Uber for Locksmiths Coming to New York

Over a year ago, Phila-Locksmith detailed how the convenience of Uber’s mobile application could be utilized for locksmiths. Enter LockedOut, a mobile application which operates in the same way that Uber does, created by Ray Wang. For those unfamiliar Uber allows for a user to request a driver, similar to a cab, to their location while also tracking the GPS location of the driver and offering an accurate estimated time of arrival (ETA). For anyone waiting for a locksmith, having an exact location and ETA would be extremely beneficial in deciding which service provider to choose. However, there are serious hurdles for LockedOut to overcome in order to be successful in a very competitive industry.

How LockedOut Works

In order to access LockedOut, the user would need a smart device which has the ability to use internet enabled applications. The user would download the application before they were in need of any service. Once the user is locked out of their home, or car, they would be able access the application and request a locksmith. In beta testing, LockedOut is offering a flat rate unlock fee which is $75. After you have agreed to the price and requested the locksmith, a map appears on the screen with the GPS location that your locksmith is currently at and a real-time ETA of when he will arrive at your home. All-in-all the LockedOut application seems like a perfect tool to fight price gouging and false wait times in the locksmith industry, however; there are some clear issues that the application will have to deal with before being viable against stiff competition.

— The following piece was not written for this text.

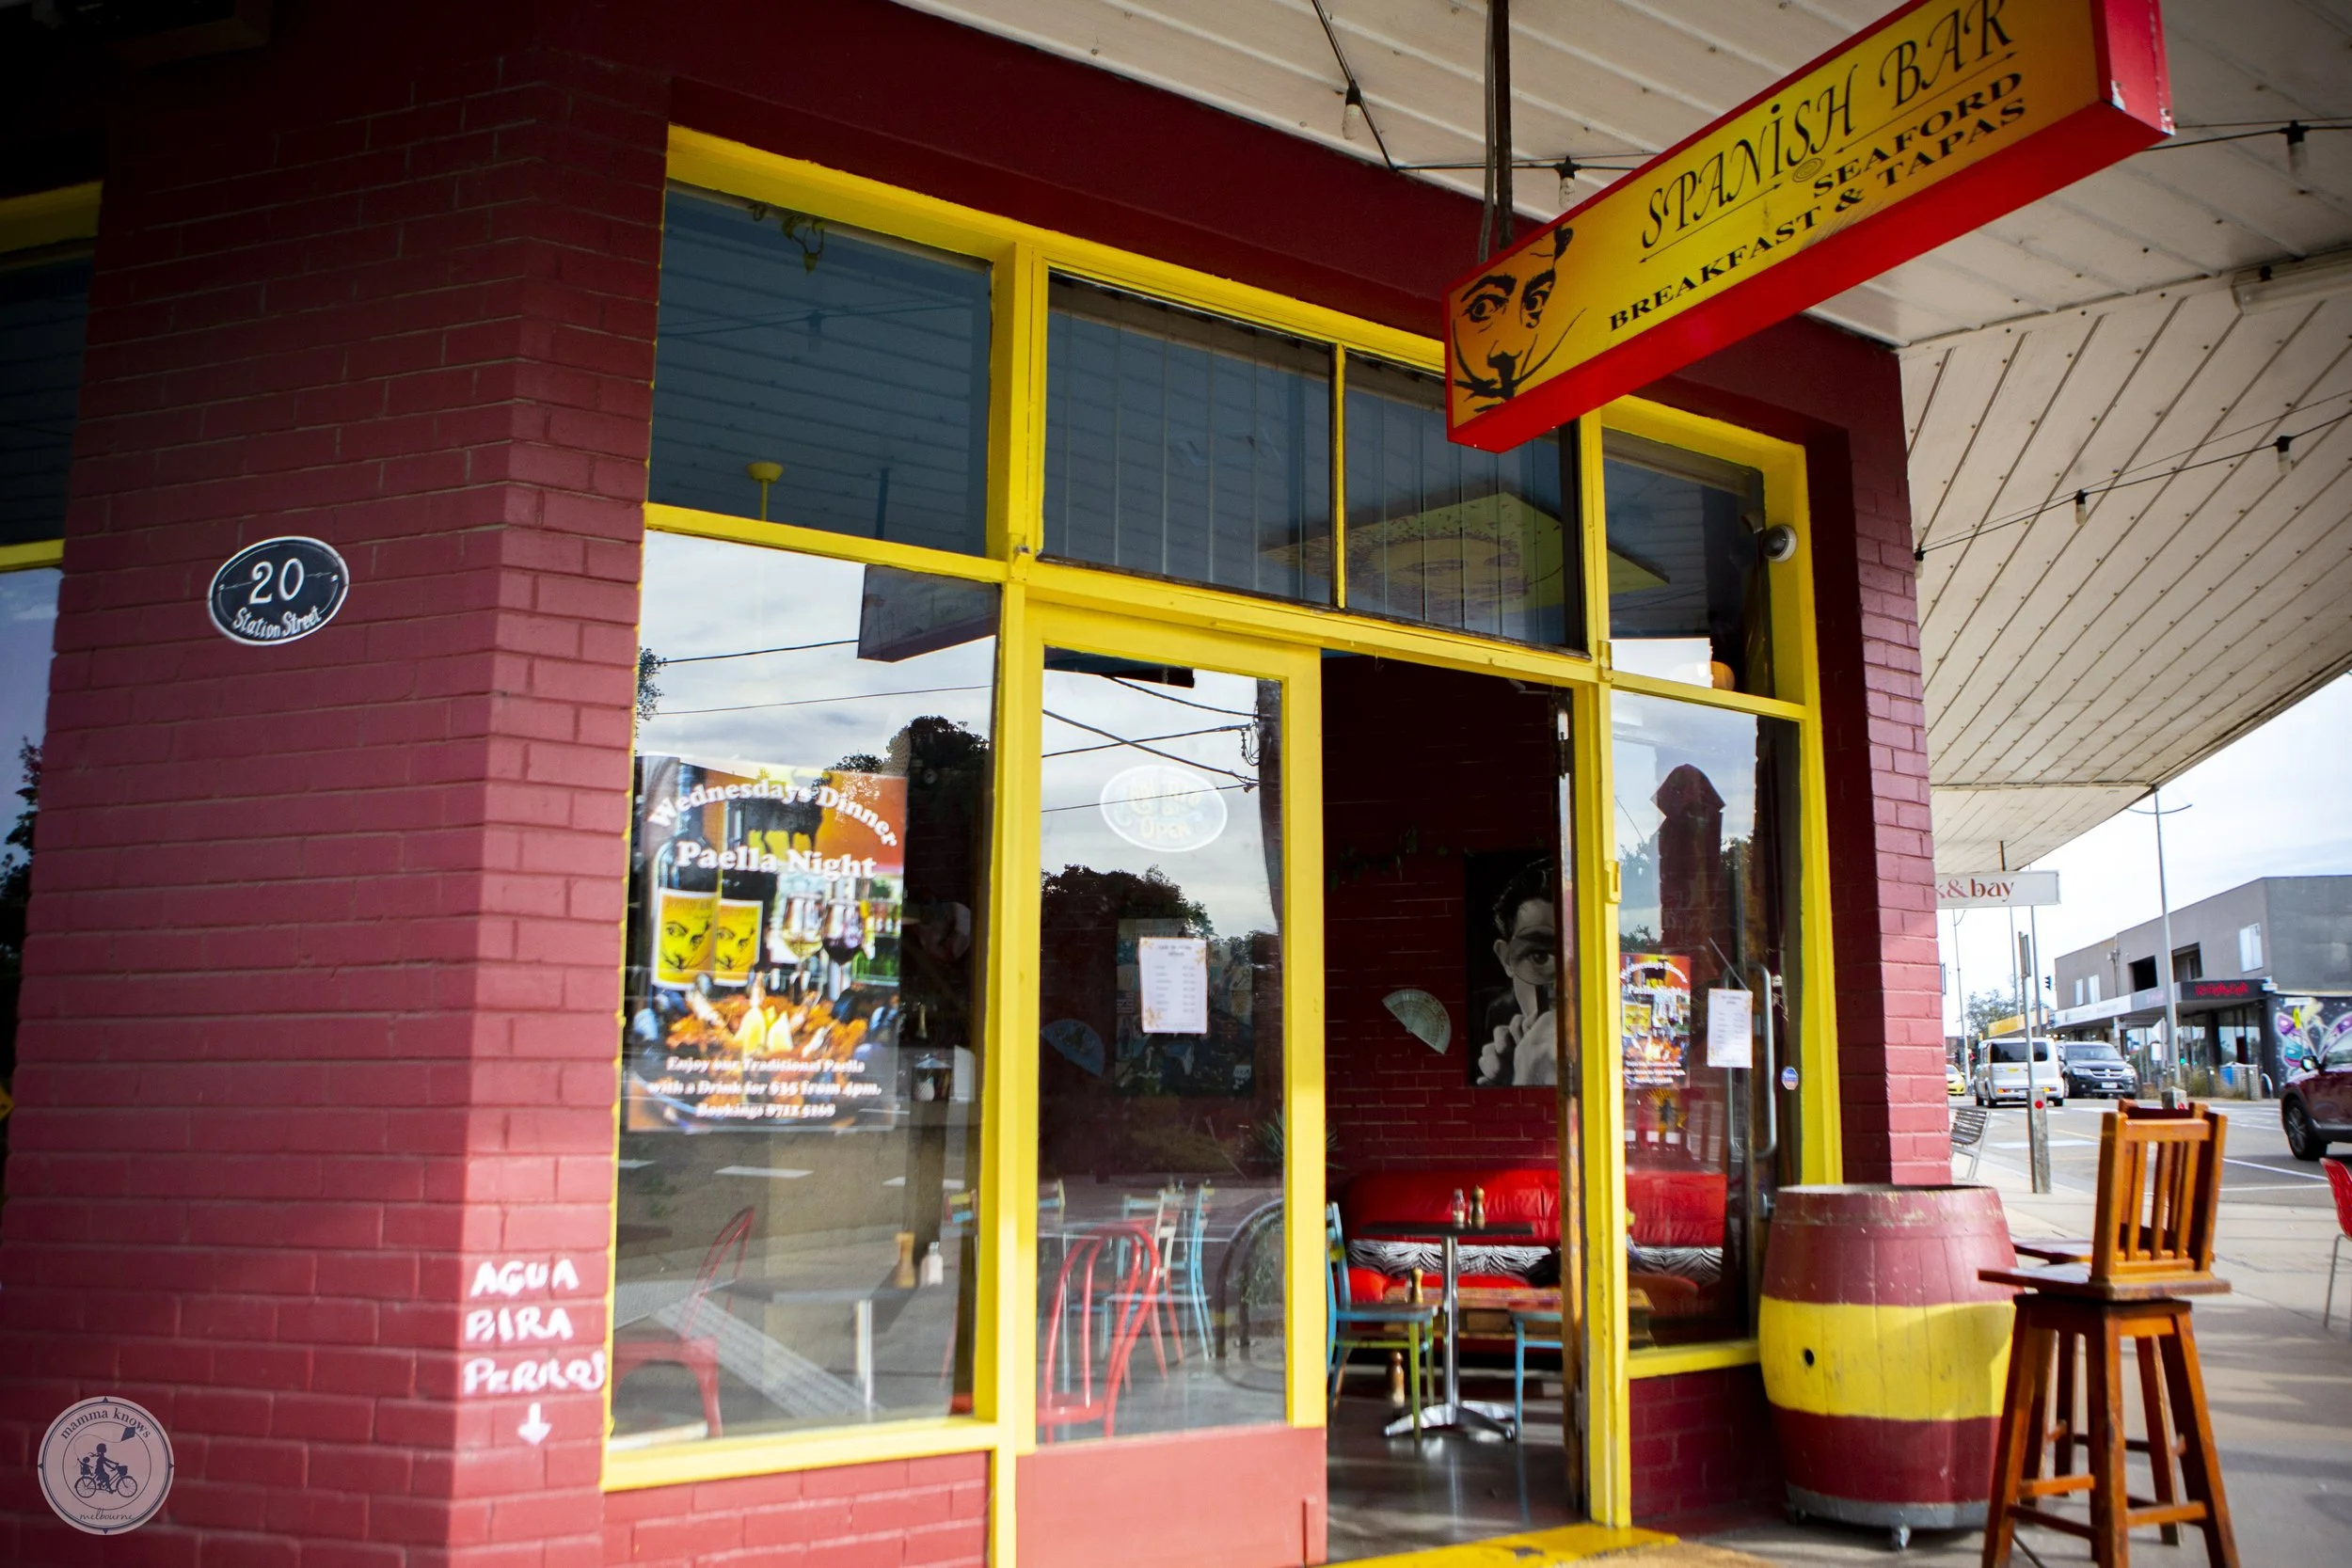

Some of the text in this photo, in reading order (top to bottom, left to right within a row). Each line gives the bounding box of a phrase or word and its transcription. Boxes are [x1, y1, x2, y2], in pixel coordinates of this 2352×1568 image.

The Drawbacks of the LockedOut Application

LockedOut is great in theory, but how successful can it be in challenging an already competitive industry? One of the first issues with LockedOut is inherent in the technological state which LockedOut exists. Since LockedOut is a smart phone application, the user would have to download the application to their phone in order to use it. If this does not happen before the user is locked out, they would likely call a locksmith using a more traditional medium. Since being locked out of your home, or car, tends to happen in unforeseen and unwanted times it is highly unlikely that the individual would want to download an application to their phone rather than calling a locksmith directly. Additionally, the flat rate cost of their lock out service could be another potential drawback. Despite the fact that many locksmiths charge much more than $75 to unlock doors, it will be tough to overcome the service call advertising of many locksmiths. Customers may see the $10 service call for the locksmith and opt for that choice over the $75 choice. Unfortunately for those individuals, it may end up costing much more for the $10 option than the $75 option. These are just a few of the minor issues that LockedOut will have to deal with in order to build brand recognition that would allow them to flourish as a lead company.

LockedOut seems to have a good idea going, however; industry competition will be a tough wall to climb in order to become profitable. It remains to be seen whether LockedOut will be able to compete as a mobile application against locksmiths who use other online methods to attract customers. The fact that customers are getting a verified professional with a GPS locator would surely be a benefit, but it will remain to be seen if customers will be attracted to an application which may only benefit them a few times per year.